First Red Flag: The Technical Image Is Weakening

SPX price - Technical Image Is Weakening

Source: stockcharts.com

The SPX continues to climb higher and higher, bouncing off the 50-day moving average with ease over the last six months. Not once in this time have we seen a pullback deeper than 3-4%. So, what is the "red flag" here, you may ask?

The market has not had a good shakeout in a very long time. Historically, a 10% pullback once a year is considered healthy and typical. Incidentally, the last time the SPX had a 10% correction was a year ago, last fall. This down move was also the last time the SPX approached an RSI of 30, or the full stochastic went below 20.

This technical dynamic illustrates that while the market has continued to get overbought and make new highs over the past year, it has not seen any notable pressure to the downside. The question is not if but when a significant correction materializes, and I believe the time is approaching soon.

Second Red Flag: Valuations Nearing Dot-Com Levels

A typical reason why we see corrections in markets is due to valuation concerns. When stock valuations get overstretched the market often contracts to bring valuations back down to earth. This phenomenon also allows buyers to come into the market at more attractive levels. The SPX had appreciated by roughly 40% from its 2020 fall lows. This is a remarkable surge in a relatively short time frame.

Shiller P/E Ratio

Shiller P/E Ratio

Source: multpl.com

This chart is a historical view of the cyclically adjusted/Schiller P/E ratio. Now, we see how high it is (higher than the 1929 and 2007 peaks). Moreover, the Schiller P/E ratio is about 50% higher than in 2007. The question is, how high can it go? Can it go as high as in 2000? Can it go higher?
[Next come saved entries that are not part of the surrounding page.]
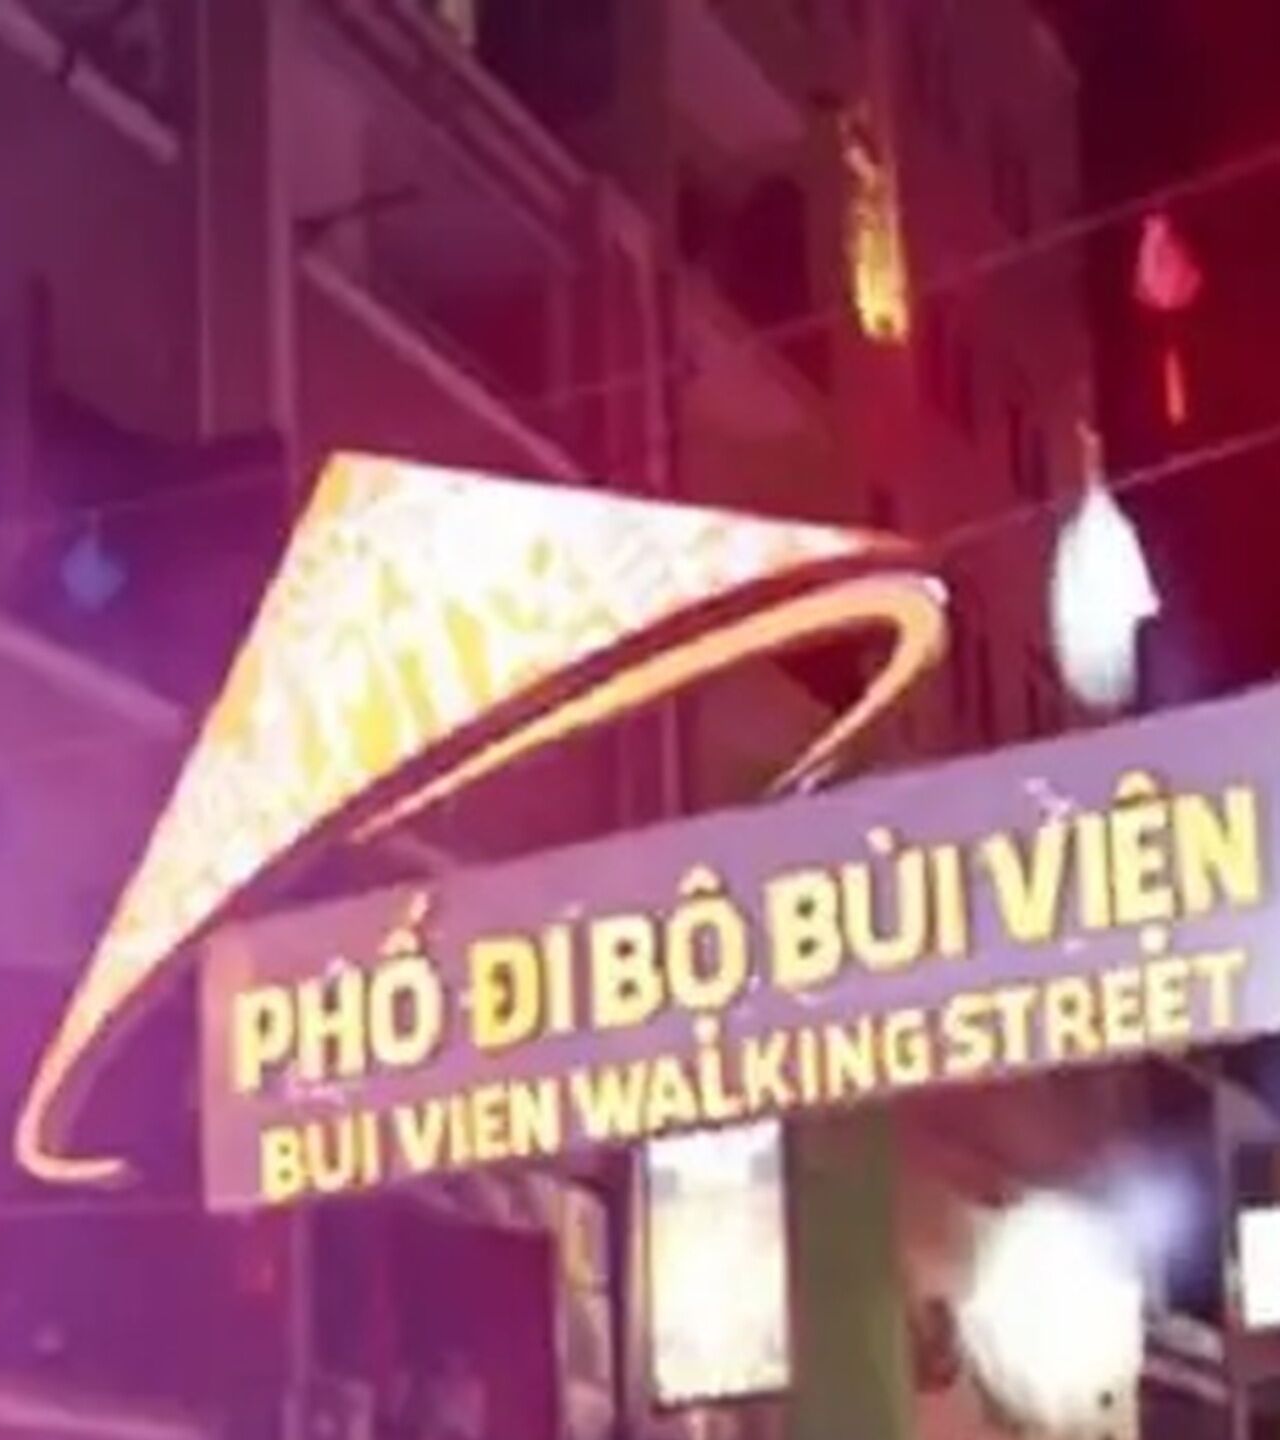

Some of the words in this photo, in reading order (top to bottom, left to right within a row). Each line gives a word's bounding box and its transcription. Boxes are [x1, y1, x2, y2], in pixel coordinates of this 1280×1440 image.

[232, 892, 442, 1094] PHỐ
[586, 864, 748, 1048] BỘ
[763, 826, 968, 994] BÙI
[258, 1108, 384, 1203] BUI
[392, 1076, 562, 1175] VIEN
[568, 1010, 932, 1142] WALKING
[942, 944, 1248, 1076] STREET
I doubt that P/E valuations will eclipse the looney days of the late 1990s, but one thing is for sure, there will be corrections along the way to the top.

You won't tell it from this chart, but the SPX went through three 10% plus corrections in the late 1990s, one in 1997, 1998, and 1999, before stocks ultimately melted in 2000. With equity valuations approaching similar levels as the late 1990s, we may be due for a significant decline here as well.
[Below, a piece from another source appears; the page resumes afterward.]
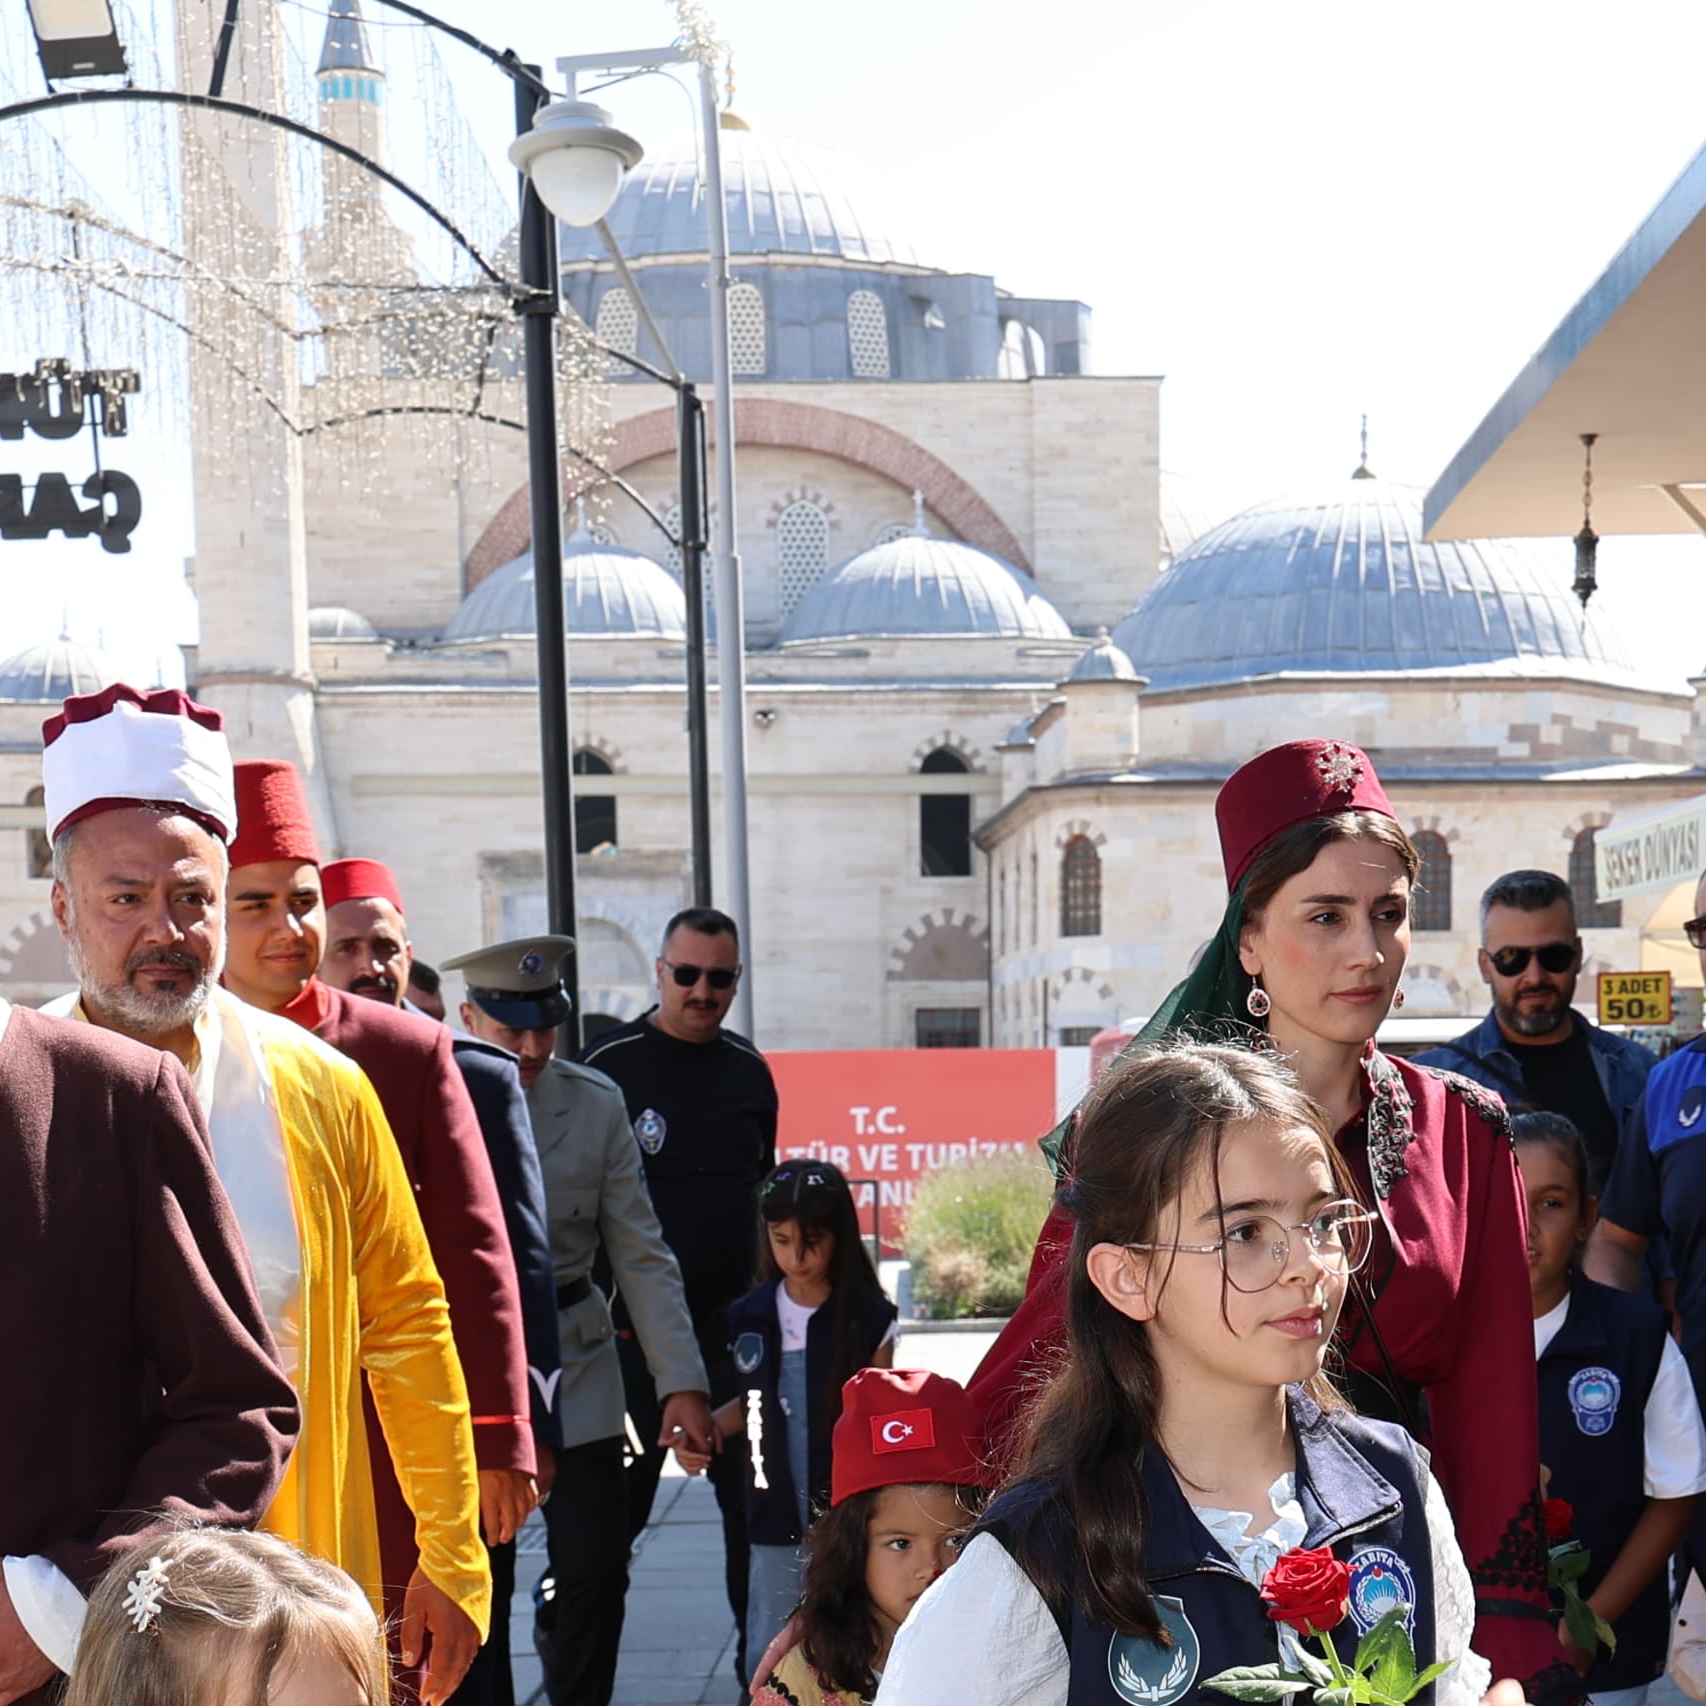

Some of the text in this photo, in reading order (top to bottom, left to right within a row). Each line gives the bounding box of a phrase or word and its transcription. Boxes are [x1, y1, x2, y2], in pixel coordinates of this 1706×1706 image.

[1645, 820, 1700, 881] DÜNYASI
[1604, 978, 1662, 995] 3 ADET
[849, 1105, 907, 1135] T.C.
[858, 1144, 901, 1172] VE
Third Red Flag: The Fed Taper Could Impact Sentiment

Everything is going so well, why would stocks go down all of a sudden? The Fed will meet and deliver its interest rate decision in about ten days. While we know that the Fed is not going to raise rates any time soon, it is very likely going to start tapering (decreasing QE) very soon.

Why is this happening? The Fed has various reasons for wanting to take away the proverbial punchbowl. However, one of the more pressing factors is inflation. At 5.4% the CPI is starting to run quite hot, and final demand goods PPI for August came in at a staggering 12%+ for August.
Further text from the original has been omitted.